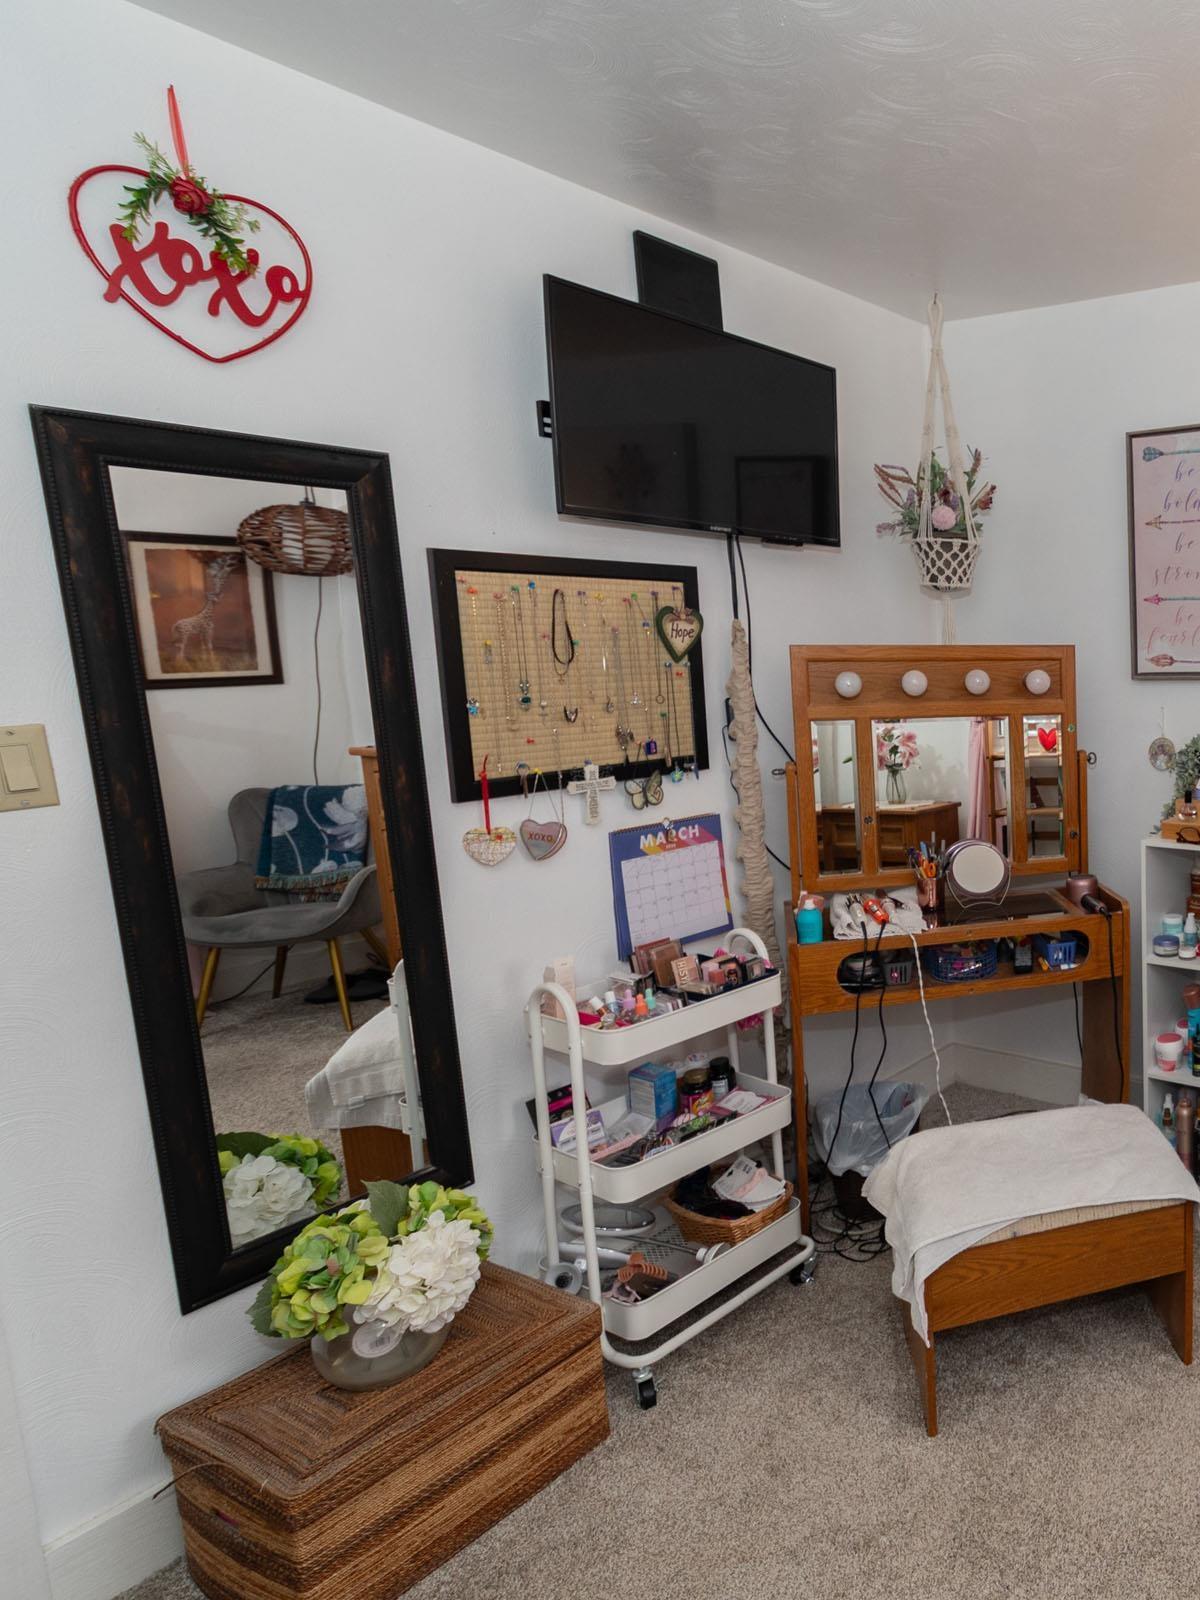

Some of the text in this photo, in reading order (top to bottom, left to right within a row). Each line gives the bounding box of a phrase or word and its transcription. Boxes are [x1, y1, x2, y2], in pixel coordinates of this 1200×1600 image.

[1175, 461, 1196, 481] be
[1175, 533, 1196, 552] be
[1175, 607, 1194, 625] be
[670, 622, 695, 643] Hope
[527, 831, 554, 842] XOXO
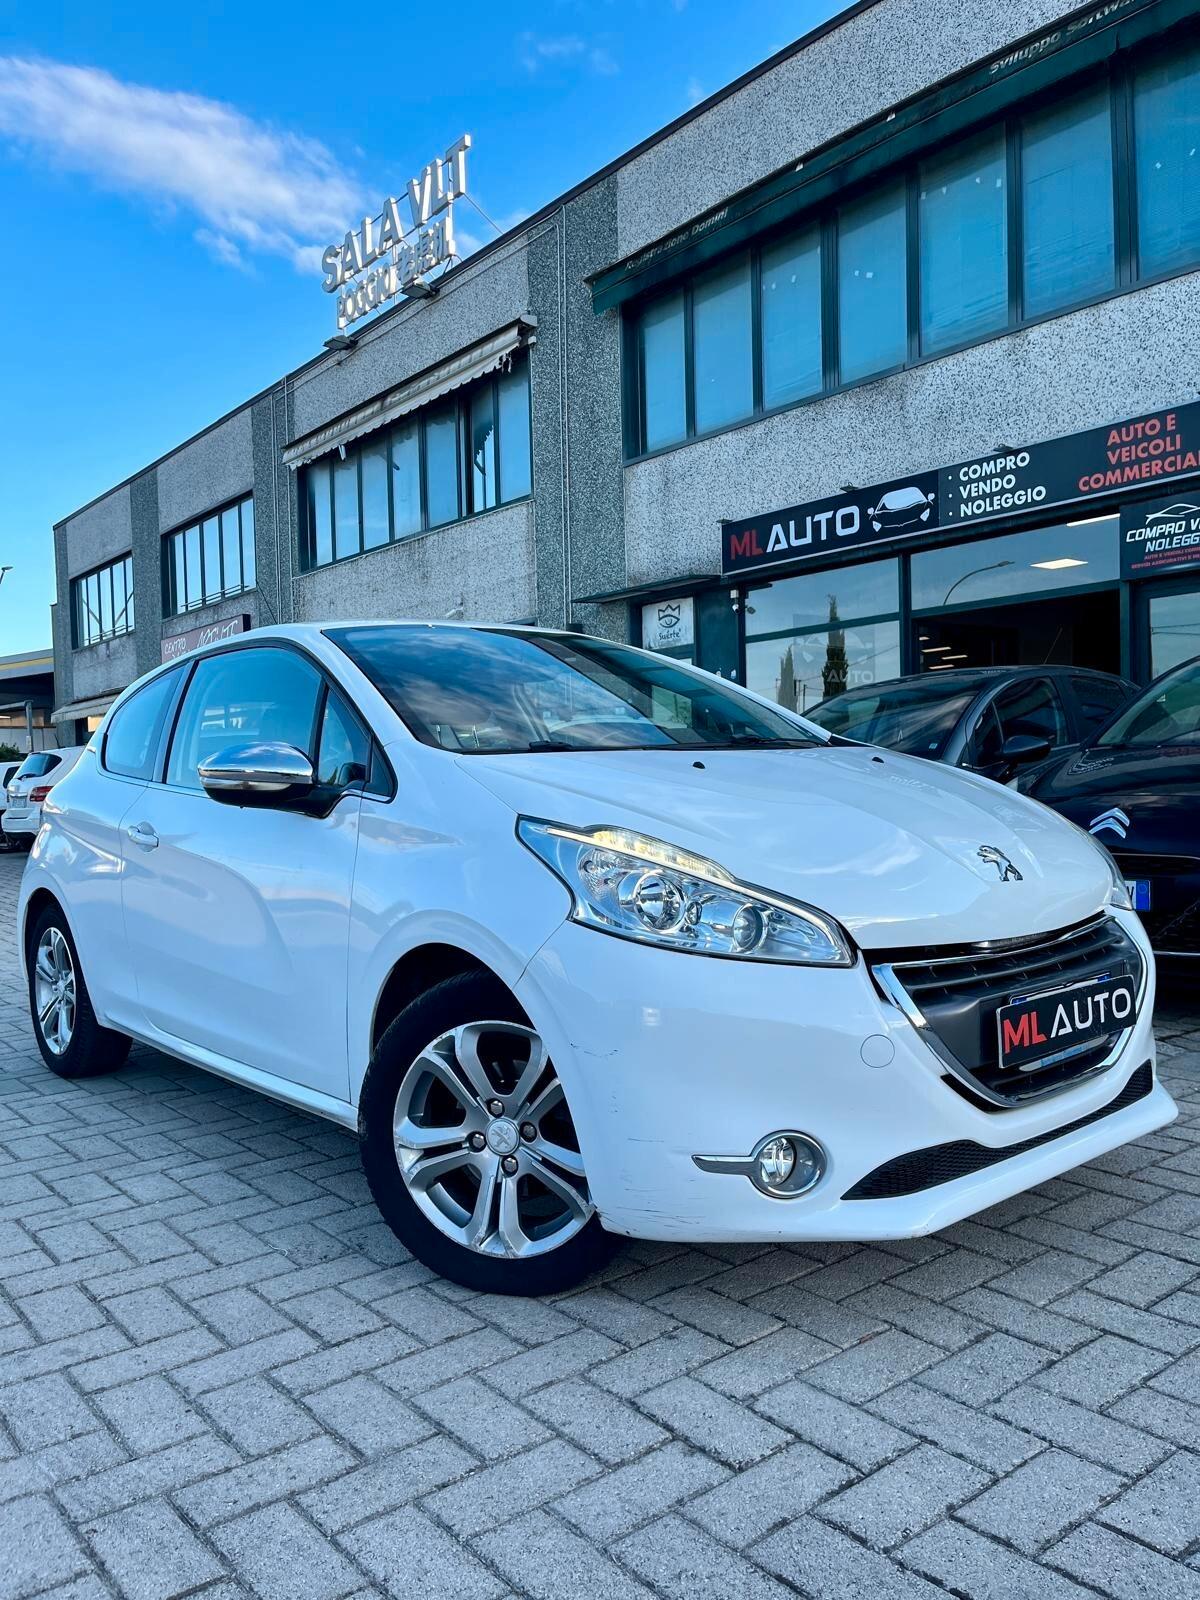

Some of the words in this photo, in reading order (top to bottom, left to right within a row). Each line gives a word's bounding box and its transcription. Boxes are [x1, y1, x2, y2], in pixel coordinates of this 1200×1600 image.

[989, 31, 1062, 75] Sviluppo
[321, 197, 404, 293] SALA
[406, 134, 471, 228] VLT
[1106, 418, 1161, 447] AUTO
[1165, 413, 1176, 432] E
[1106, 434, 1181, 465] VEICOLI
[959, 451, 1030, 481] COMPRO
[959, 474, 1016, 499] VENDO
[960, 485, 1047, 517] NOLEGGIO
[730, 528, 763, 560] ML
[765, 505, 860, 553] AUTO
[1125, 520, 1187, 542] COMPRO
[1190, 517, 1200, 531] V
[1145, 532, 1200, 553] NOLEGG
[164, 637, 187, 655] CENTRO
[827, 669, 875, 683] AUTO
[1003, 1010, 1048, 1055] ML
[1050, 987, 1132, 1040] AUTO

EXERCISE GOAL. When you reach the line that contains "Some of the words" in the material above, please copy it and every line after it exactly, stopping only at the last line.

RESULT OF THE TASK.
Some of the words in this photo, in reading order (top to bottom, left to right within a row). Each line gives a word's bounding box and its transcription. Boxes are [x1, y1, x2, y2], in pixel coordinates of this 1200×1600 image.

[989, 31, 1062, 75] Sviluppo
[321, 197, 404, 293] SALA
[406, 134, 471, 228] VLT
[1106, 418, 1161, 447] AUTO
[1165, 413, 1176, 432] E
[1106, 434, 1181, 465] VEICOLI
[959, 451, 1030, 481] COMPRO
[959, 474, 1016, 499] VENDO
[960, 485, 1047, 517] NOLEGGIO
[730, 528, 763, 560] ML
[765, 505, 860, 553] AUTO
[1125, 520, 1187, 542] COMPRO
[1190, 517, 1200, 531] V
[1145, 532, 1200, 553] NOLEGG
[164, 637, 187, 655] CENTRO
[827, 669, 875, 683] AUTO
[1003, 1010, 1048, 1055] ML
[1050, 987, 1132, 1040] AUTO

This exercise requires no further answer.